▶ **The task**: Repeat every record exactly as written, but leave out the pictures.
Segment Start: Recorded data
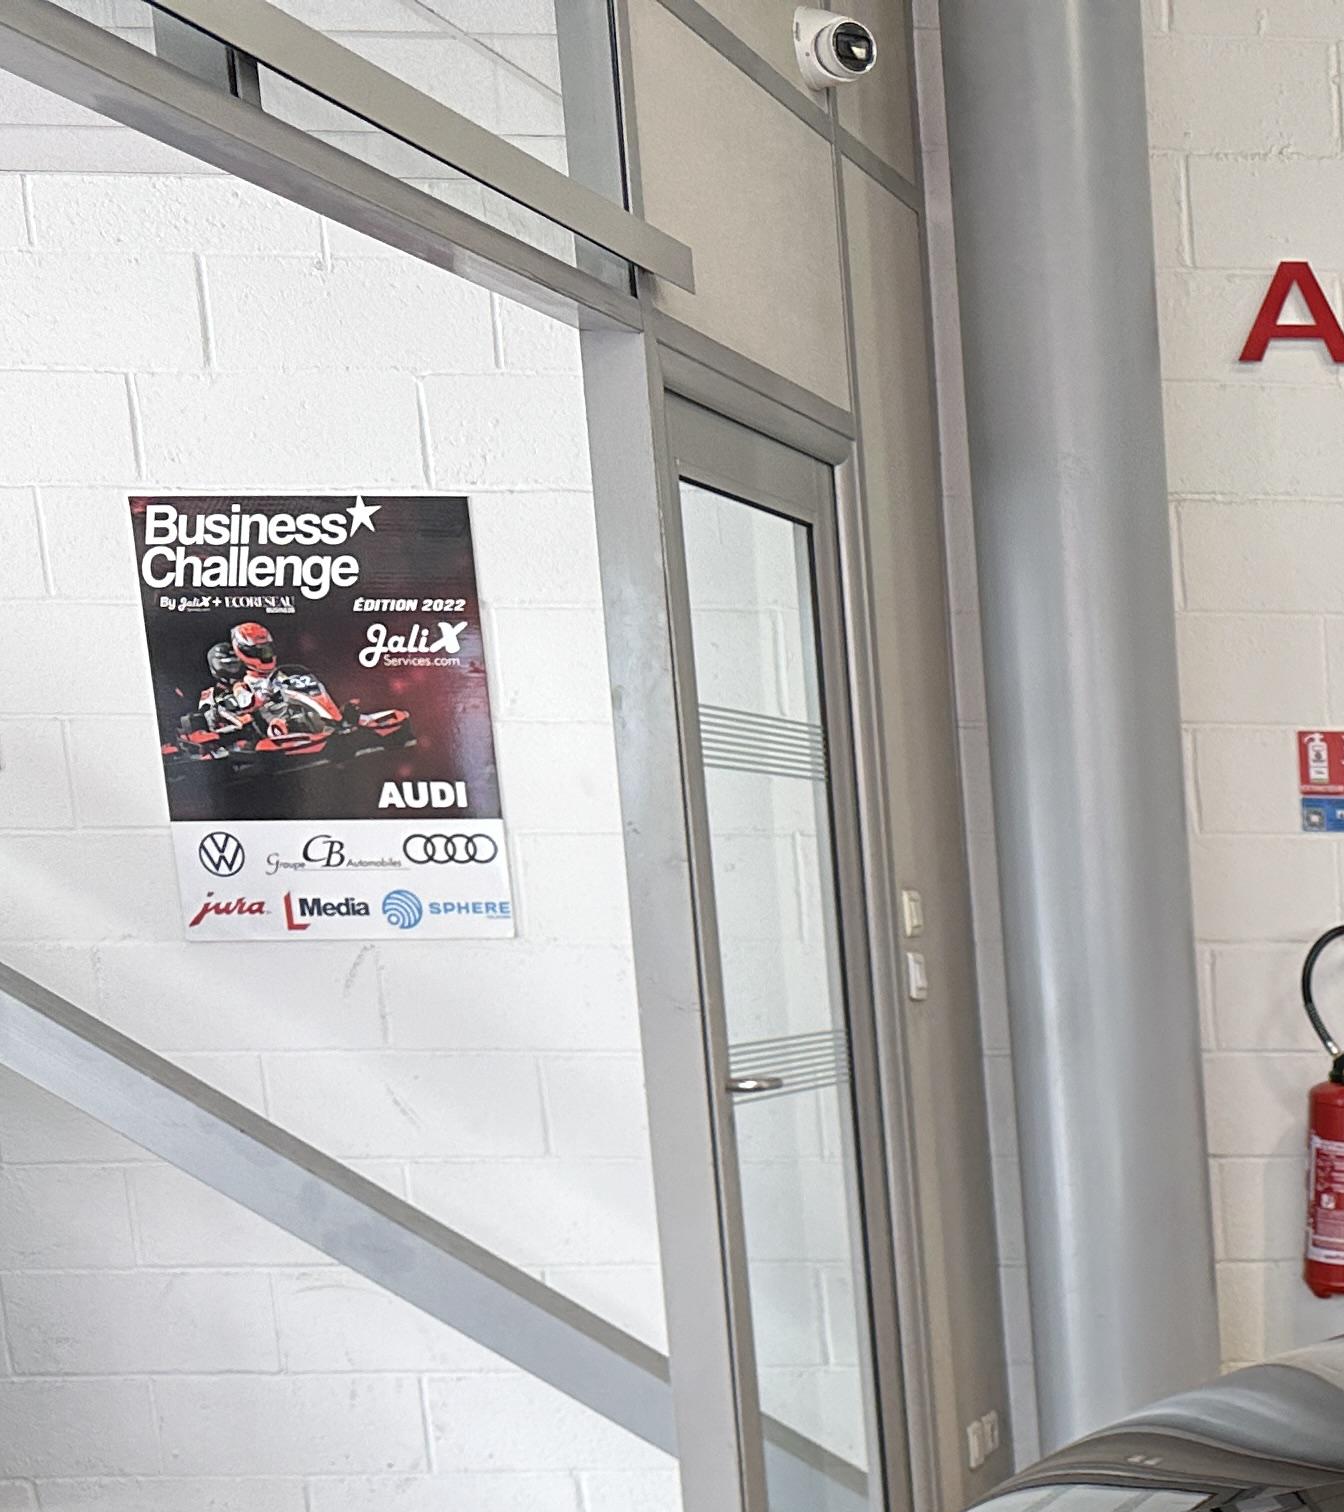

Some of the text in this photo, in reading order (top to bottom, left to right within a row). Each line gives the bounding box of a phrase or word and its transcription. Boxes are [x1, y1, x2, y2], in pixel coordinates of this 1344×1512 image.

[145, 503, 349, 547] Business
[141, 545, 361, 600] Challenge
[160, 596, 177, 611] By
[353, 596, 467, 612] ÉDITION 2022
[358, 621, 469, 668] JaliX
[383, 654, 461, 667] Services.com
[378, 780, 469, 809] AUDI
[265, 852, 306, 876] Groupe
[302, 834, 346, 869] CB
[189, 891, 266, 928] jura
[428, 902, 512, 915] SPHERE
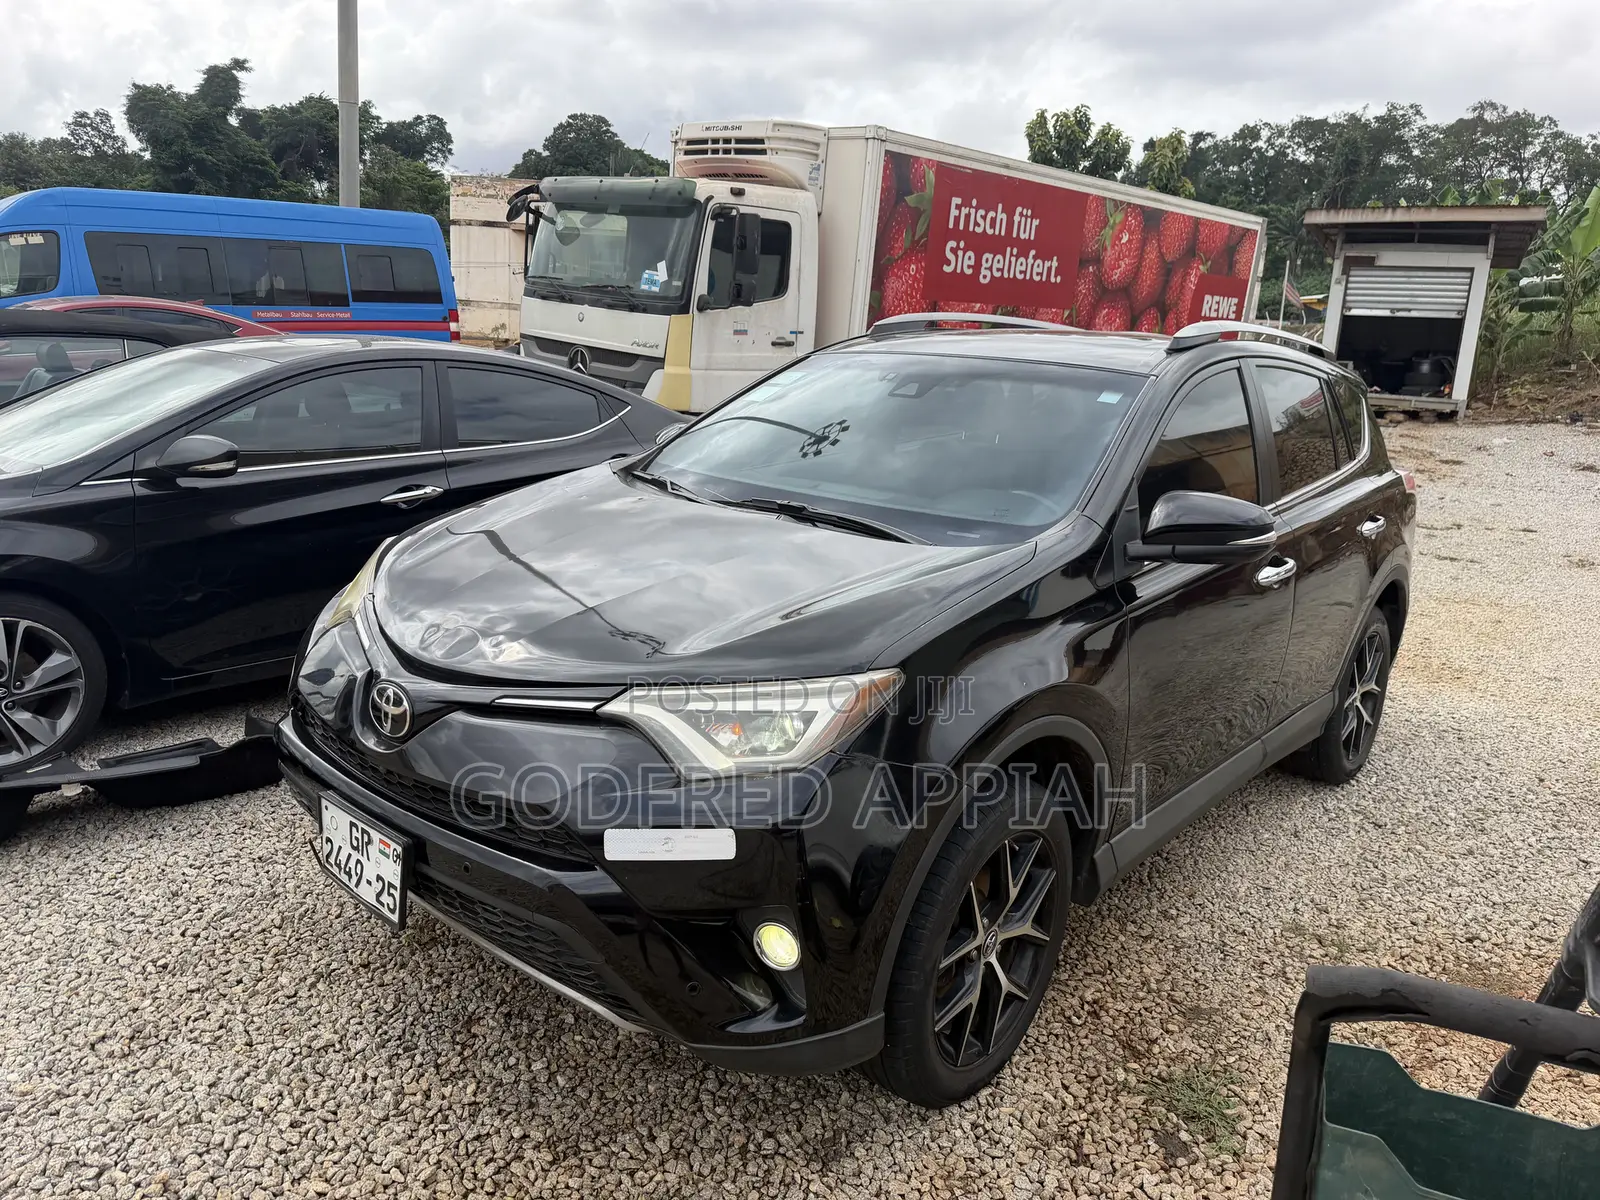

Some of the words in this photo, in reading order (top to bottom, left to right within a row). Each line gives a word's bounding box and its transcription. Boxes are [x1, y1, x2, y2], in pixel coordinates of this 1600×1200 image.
Segment End: Recorded data
▶ **Result for this exercise**:
Some of the text in this photo, in reading order (top to bottom, left to right within a row). Each line gives the bounding box of a phrase or word and its transcription. Boxes are [x1, y1, x2, y2], in pixel coordinates of this 1344×1512 image.

[145, 503, 349, 547] Business
[141, 545, 361, 600] Challenge
[160, 596, 177, 611] By
[353, 596, 467, 612] ÉDITION 2022
[358, 621, 469, 668] JaliX
[383, 654, 461, 667] Services.com
[378, 780, 469, 809] AUDI
[265, 852, 306, 876] Groupe
[302, 834, 346, 869] CB
[189, 891, 266, 928] jura
[428, 902, 512, 915] SPHERE

Some of the words in this photo, in reading order (top to bottom, left to right within a row). Each line gives a word's bounding box and its transcription. Boxes are [x1, y1, x2, y2], in pixel coordinates of this 1600×1200 image.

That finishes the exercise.